Pacientes tratados com fluvoxamina apresentaram chance menor (79/741; 10,6%) de permanência em setores de emergência por mais de 6h ou internação até 28 dias após o início do tratamento quando comparados ao grupo que recebeu placebo (119/756; 15,7%). Contudo, não houve diferenças entre os grupos quando se avaliou, isoladamente, o risco de internação, bem como resolução de sintomas ou risco de mortalidade.

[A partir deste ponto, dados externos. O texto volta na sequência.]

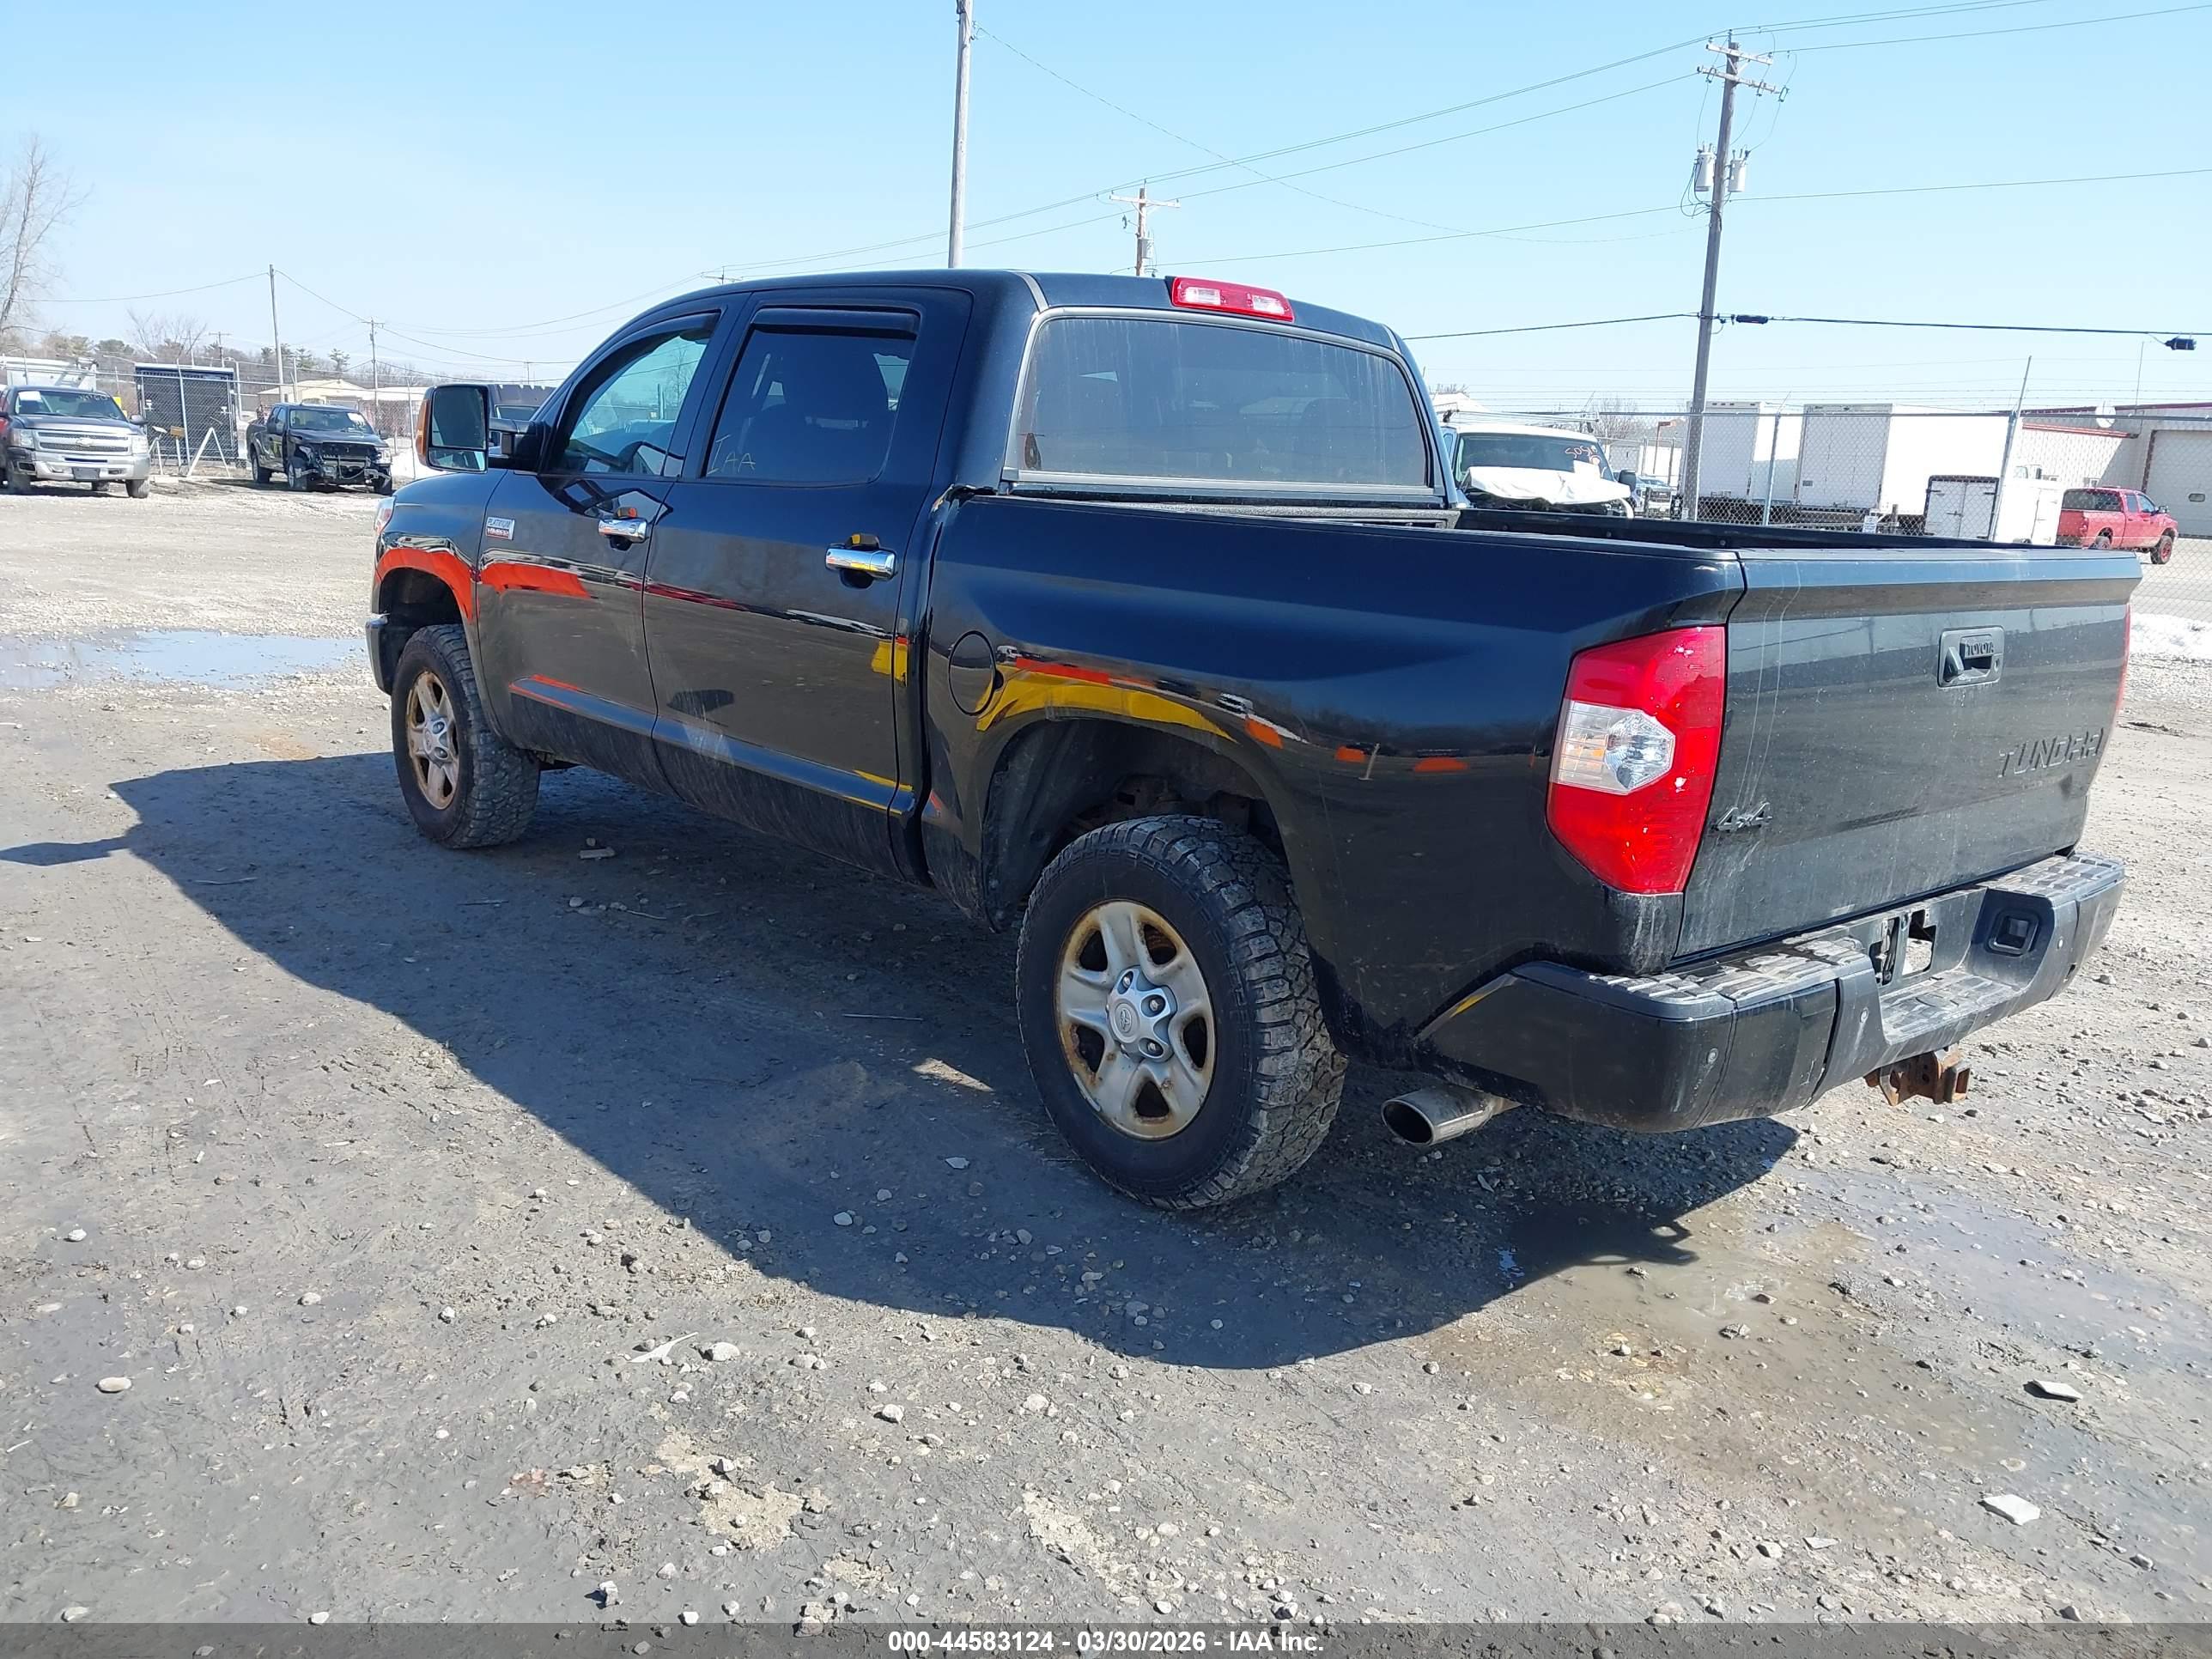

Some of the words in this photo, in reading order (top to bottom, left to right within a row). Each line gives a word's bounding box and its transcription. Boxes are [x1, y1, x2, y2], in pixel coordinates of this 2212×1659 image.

[708, 434, 756, 474] IAA
[1966, 641, 1994, 656] TOYOTA
[1997, 728, 2103, 778] TUNDRA

Algumas limitações sérias restringem o valor dos resultados obtidos:

  • Embora o risco de permanência na emergência por mais de 6h ou internação tenham sido reduzidos no grupo tratado com fluvoxamina, não houve redução no risco isolado de hospitalização. Ou seja, o primeiro dado se refere à chance menor de permanência em setores de emergência por mais de 6h, sem, necessariamente, ter relação direta com a possibilidade de internação. O critério de “permanência em setor de emergência por mais de 6hnão é tradicionalmente usado em estudos que avaliam risco de internação e/ou morte. Ainda, esse tempo pode ser muito variável de local a local, incluindo países diferentes (tempo de espera para atendimento, número de profissionais disponíveis, etc.), o que dificulta a aplicabilidade do conceito. Portanto, o achado mais importante do estudo não é relevante no sentido prático;
  • A adesão ao tratamento foi autorrelatada pelos participantes e, possivelmente, enviesada;
  • A adesão foi significativamente menor no grupo que recebeu fluvoxamina (74% vs. 86% no grupo placebo), limitando o significado dos resultados.

 

Então a fluvoxamina está descartada como opção para o tratamento da COVID-19?

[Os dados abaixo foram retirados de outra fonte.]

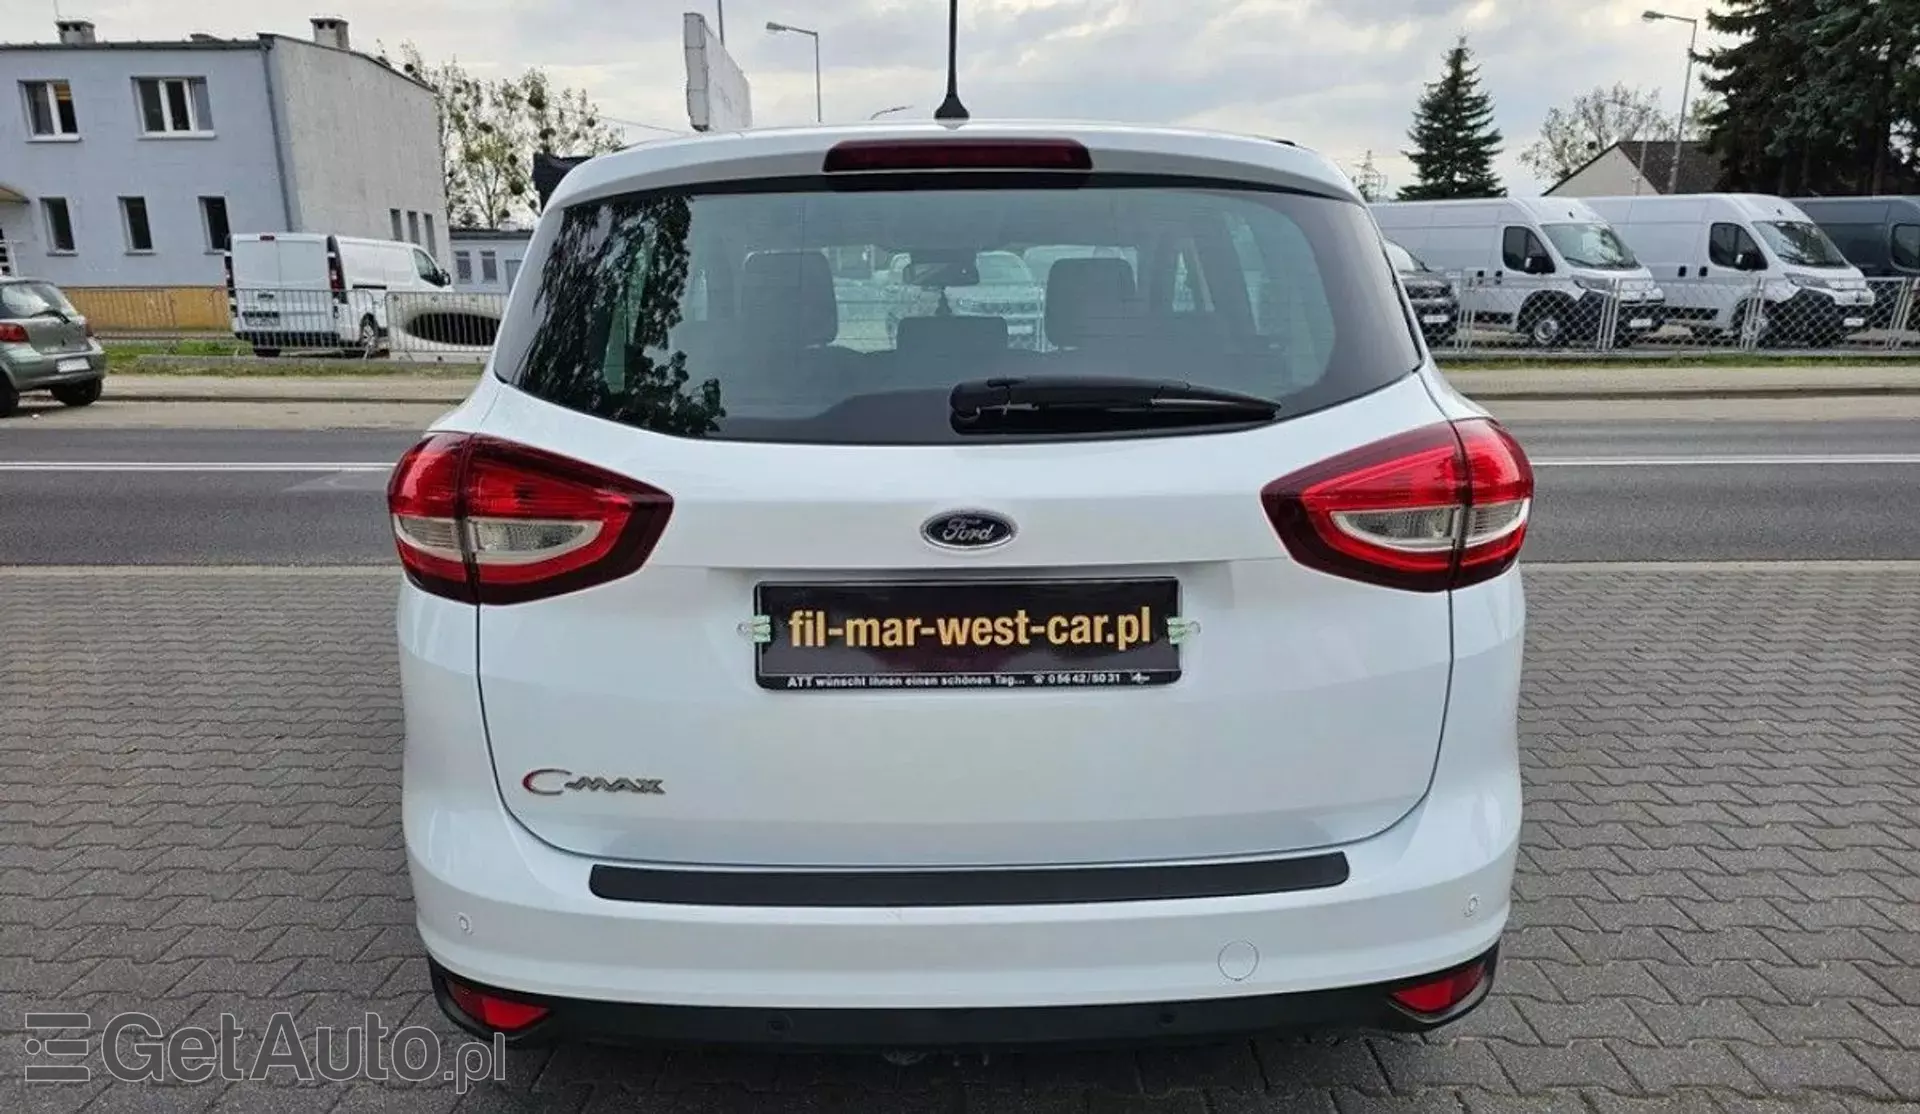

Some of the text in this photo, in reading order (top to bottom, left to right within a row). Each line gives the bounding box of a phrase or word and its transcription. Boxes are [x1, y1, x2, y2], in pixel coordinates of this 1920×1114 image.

[942, 517, 996, 541] Ford
[788, 606, 1151, 650] fil-mar-west-car.pl
[816, 675, 866, 687] wünscht
[905, 675, 938, 686] einen
[941, 675, 991, 686] schönen
[522, 768, 666, 796] C-MAX

Não necessariamente (mas leia e interprete isso com cautela). Embora os estudos maiores (STOP COVID 2 e TOGETHER) não tenham demonstrado qualquer eficácia que justifique o uso da droga no manejo da COVID-19, novos estudos ainda podem ser realizados e mudar esse entendimento. Lembrem: a ciência é dinâmica e nada está escrito em pedra. Mas é claro: quanto maiores e mais frequentes forem os estudos que acumulem evidências contra o uso da droga, menores são as chances disso mudar com um novo estudo.

Contudo, podemos afirmar que, atualmente, não existem evidências suficientes – ou fortes o bastante – para justificar o uso da fluvoxamina contra COVID-19, o que sustenta a posição adotada pelo NIH. A ausência de dados concretos que apontem para a eficácia da droga já são suficientes para desestimular o uso do medicamento de forma “compassiva” ou off-label.